И все же я действительно верю, что Белой Голубке сорок или очень близко к тому. В ее каштановых косах появились серебристые пряди, а персиковый румянец, несомненно, давно сошел с ее щек. В тот день она выглядела ужасно загорелой — и маленькая родинка на ее лбу вместе с подругой на подбородке выделялись больше, чем когда-либо — как веснушки на лице Алкивиада Ройкрофта, когда он принимает свой августовский рыжий цвет.

Да я просто уверен, что Белой Голубке должно было быть около сорока! Это уже вторая книга, которую она у меня увела; другой были «Воспоминания» Макса Мюллера — это случилось в парижском Лувре Четырнадцатого Августа Восемнадцатьсот Девяносто-пятого года, когда мы молча сидели на скамейке перед «Моной Лизой» Леонардо.

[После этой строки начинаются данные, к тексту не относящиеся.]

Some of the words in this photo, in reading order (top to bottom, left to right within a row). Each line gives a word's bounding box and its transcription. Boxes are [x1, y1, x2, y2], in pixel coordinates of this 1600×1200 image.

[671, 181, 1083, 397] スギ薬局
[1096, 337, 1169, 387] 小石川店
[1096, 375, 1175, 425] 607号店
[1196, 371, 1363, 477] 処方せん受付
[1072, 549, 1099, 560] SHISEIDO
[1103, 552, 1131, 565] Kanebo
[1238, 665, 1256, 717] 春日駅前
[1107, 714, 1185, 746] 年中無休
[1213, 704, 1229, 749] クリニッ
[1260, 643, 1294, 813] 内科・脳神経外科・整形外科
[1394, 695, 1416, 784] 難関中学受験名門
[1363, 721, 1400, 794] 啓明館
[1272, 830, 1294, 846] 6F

В любом случае, эта книга, «Мастера эпохи Возрождения», меня не слишком заинтересовала. Я не почерпнул из нее никакой информации, но она меня каким-то образом озарила — вот и все — как та лекция Уэнделла Филлипса, которую я слушал в детстве.

В книге я запомнил только одну вещь, но она выделяется так же отчётливо, как маленькая родинка на лбу Белой Голубки. Автор утверждал, что Леонардо да Винчи изобрел больше полезных вещей, чем любой другой человек, когда-либо живший, за исключением нашего Эдисона.

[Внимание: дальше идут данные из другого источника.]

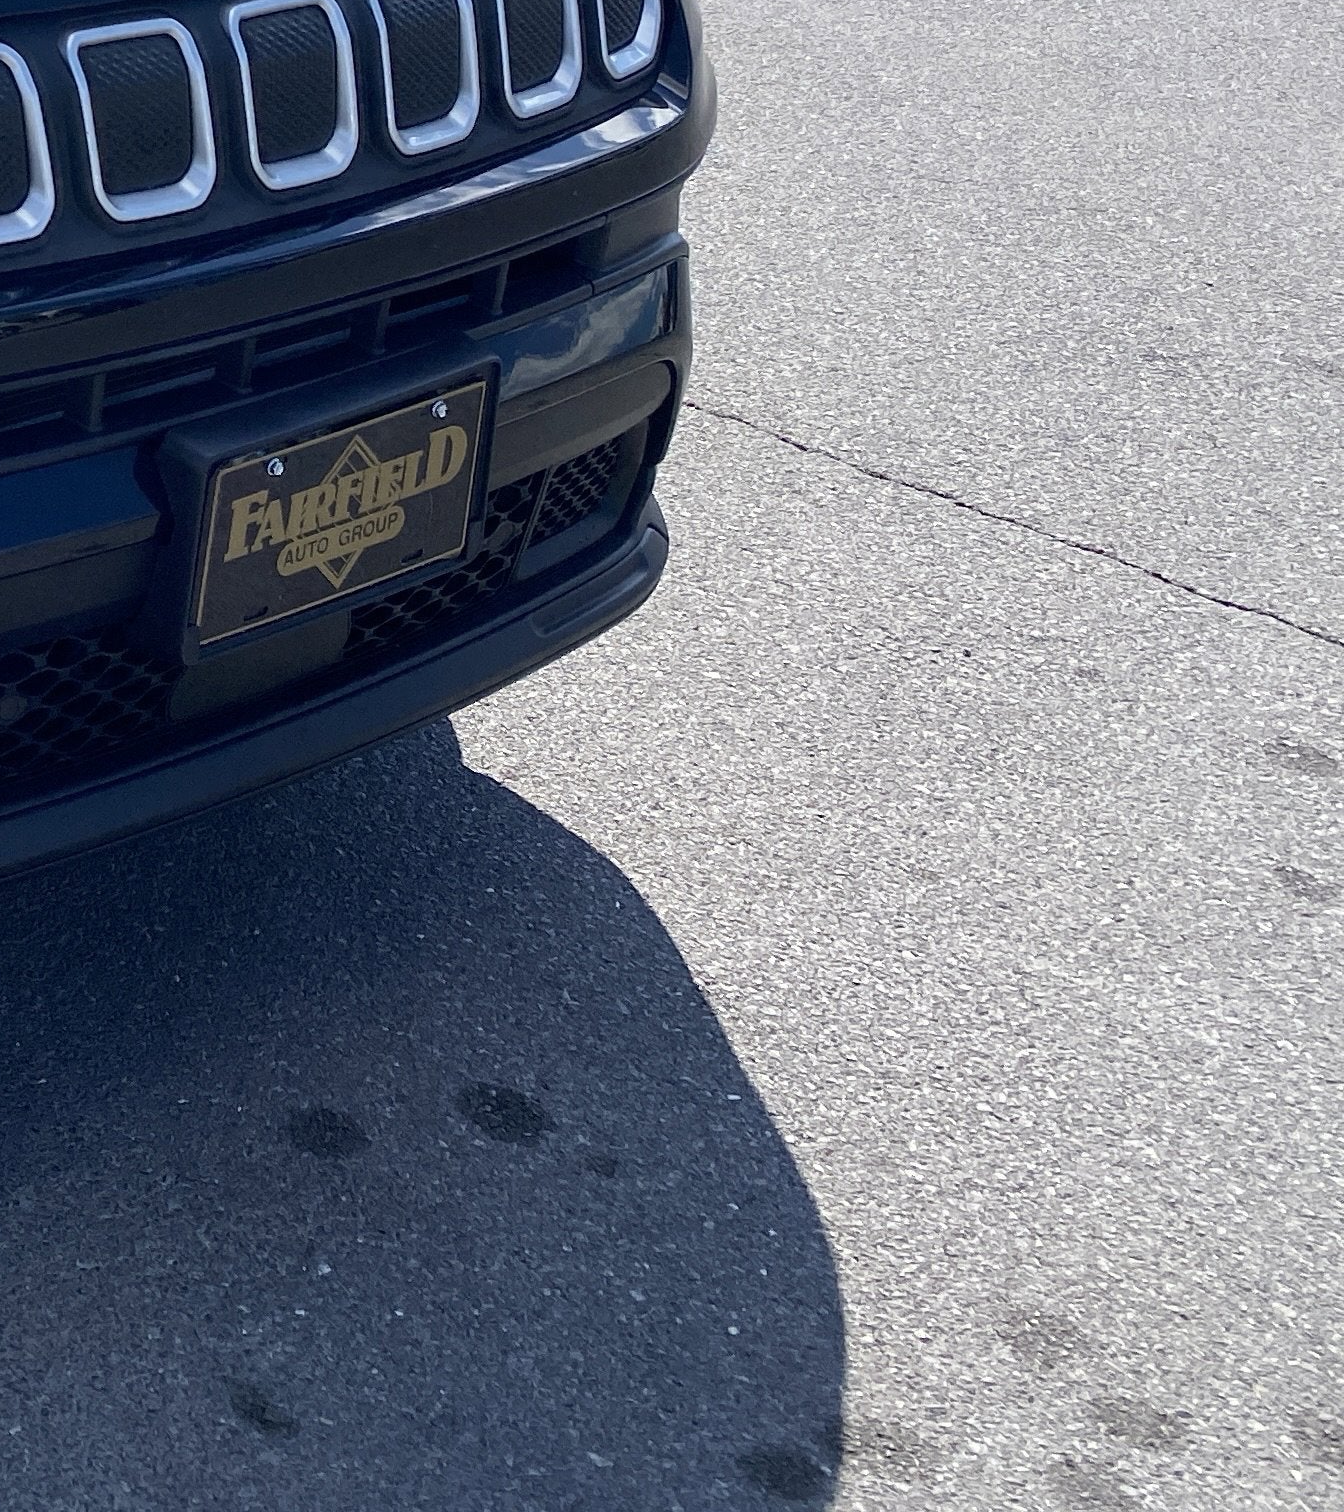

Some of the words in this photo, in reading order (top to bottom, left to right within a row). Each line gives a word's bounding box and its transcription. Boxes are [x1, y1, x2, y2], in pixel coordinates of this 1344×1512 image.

[223, 425, 468, 563] FAIRFIELD
[282, 536, 330, 568] AUTO
[338, 510, 399, 547] GROUP
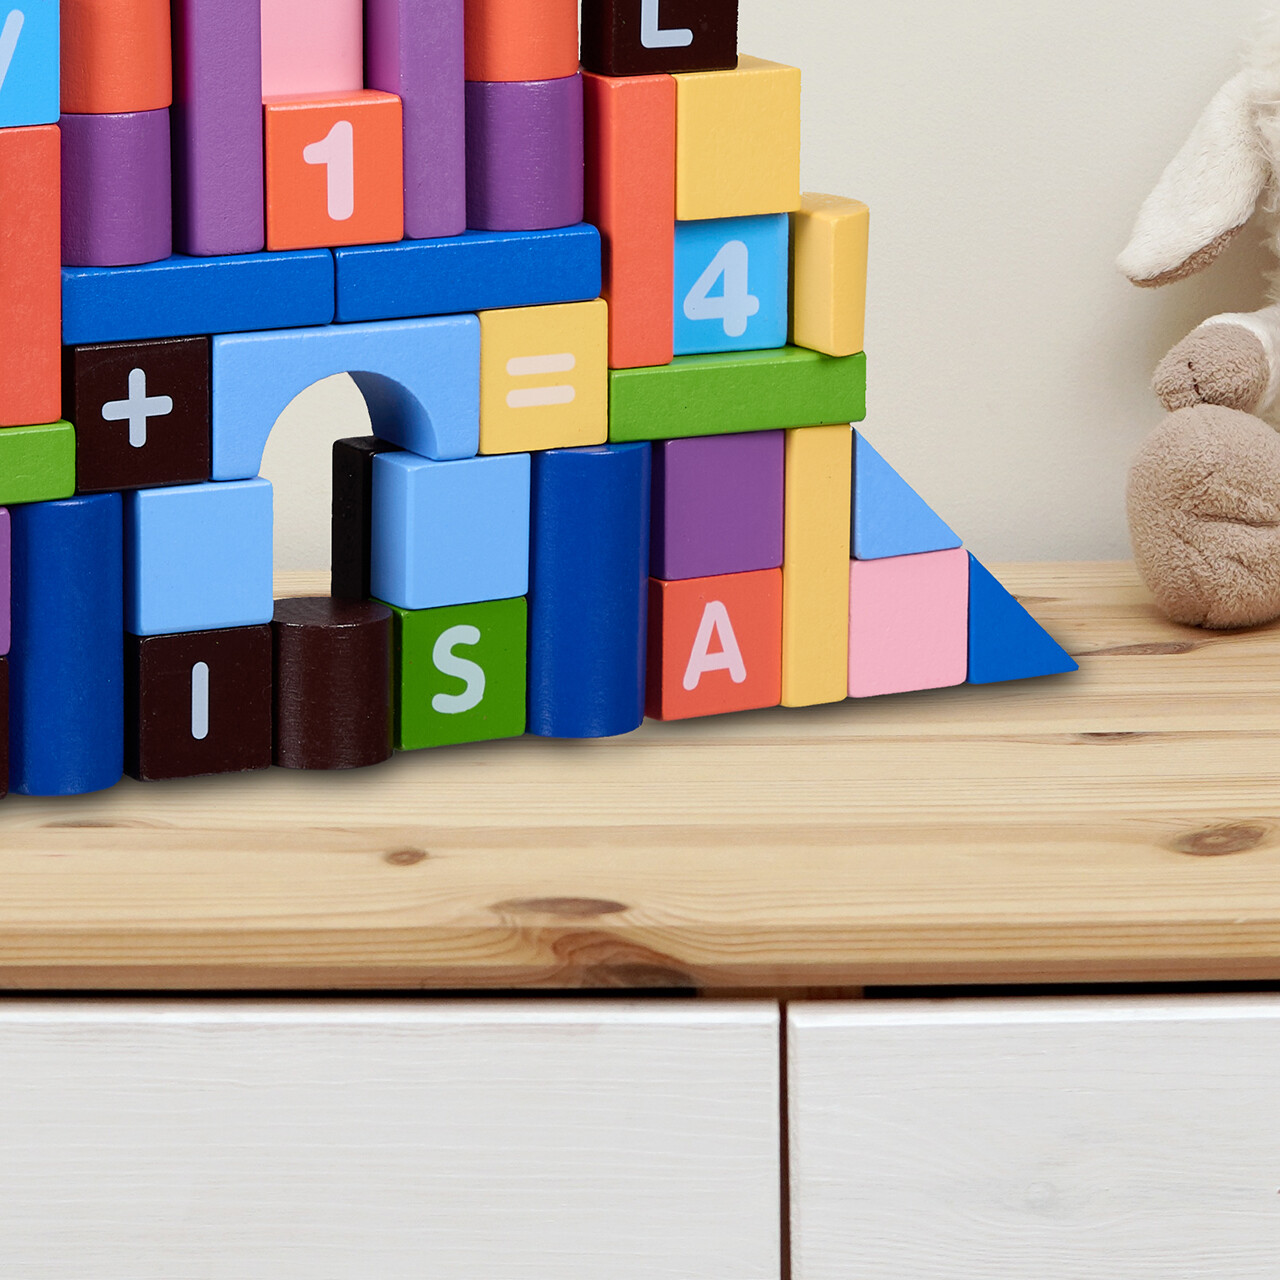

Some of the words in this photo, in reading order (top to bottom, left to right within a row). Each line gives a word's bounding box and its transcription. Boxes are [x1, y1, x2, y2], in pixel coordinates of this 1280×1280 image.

[303, 121, 354, 220] 1
[684, 240, 759, 337] 4
[432, 625, 485, 714] S
[683, 601, 746, 690] A
[192, 662, 209, 739] I

Я знаю Эдисона: это чрезвычайно обаятельный человек (потому что он сам по себе такой), причём глуховатый — и он рад этому, потому что, по его словам, это спасает его от многих вещей, которые он не хотел бы слышать. «Так и есть, — сказал он мне однажды, — глухота дает вам необходимую изоляцию; снижает вашу чувствительность, чтобы вещи не беспокоили и не отвлекали; позволяет вам собраться и сконцентрироваться на мысли, пока вы не доведете ее до логического завершения — понимаете?» Эдисон — великий филистер — читает все, что я пишу, у него есть полная подшивка журнала «Малышка Брауни», а в некоторых из «Маленьких путешествий», которые я у него видел, он делал записи между строк или оставлял отметки. Я думаю, что Эдисон — один из самых выдающихся людей, которых я когда-либо встречал, — он ценит Хорошие Вещи.

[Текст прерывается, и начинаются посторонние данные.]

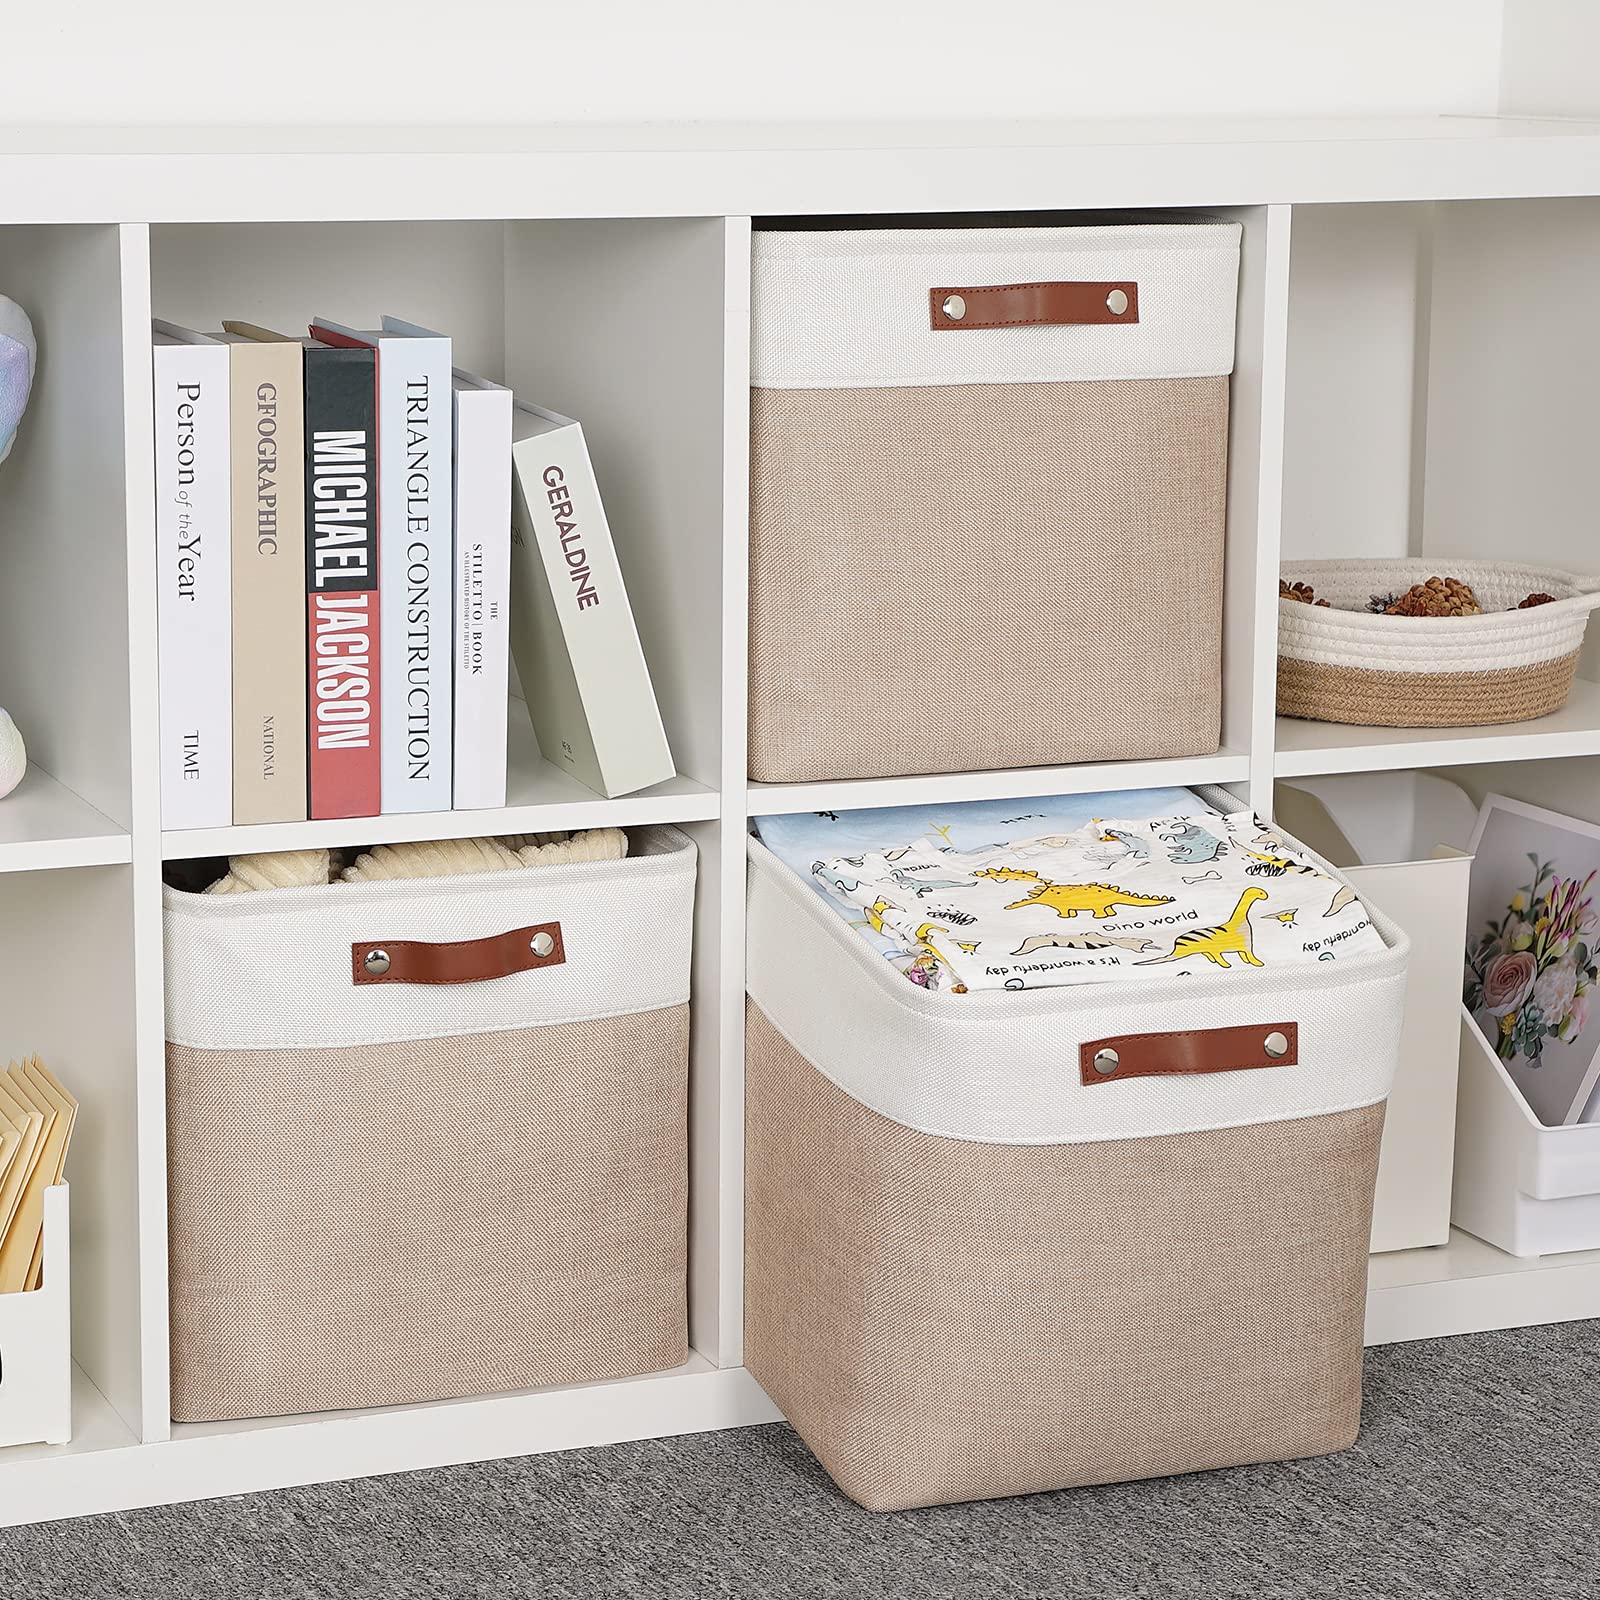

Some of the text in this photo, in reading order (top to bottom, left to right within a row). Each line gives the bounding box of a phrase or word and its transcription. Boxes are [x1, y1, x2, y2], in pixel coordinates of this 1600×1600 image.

[175, 381, 201, 601] Person of the Year
[543, 465, 600, 611] GERALDINE
[313, 430, 371, 749] MICHAEL JACKSON
[406, 375, 430, 780] TRIANGLE CONSTRUCTION
[490, 601, 498, 620] THE
[472, 632, 483, 675] BOOK
[183, 730, 200, 780] TIME
[263, 715, 275, 780] NATIONAL
[1149, 909, 1199, 927] world
[1099, 956, 1121, 966] It's
[1302, 941, 1321, 952] day
[985, 964, 1009, 976] day

Я рассказал Эдисону, как этот писатель, Роуз, сравнил его с Леонардо. Он улыбнулся и сказал: «Кто такой Роуз?» Затем, немного помолчав, он продолжил: «Великий Человек — это тот, кто давно умер, — леса полны волшебников, но немногие из них знают об этом», и Волшебник тихо рассмеялся над собственной шуткой.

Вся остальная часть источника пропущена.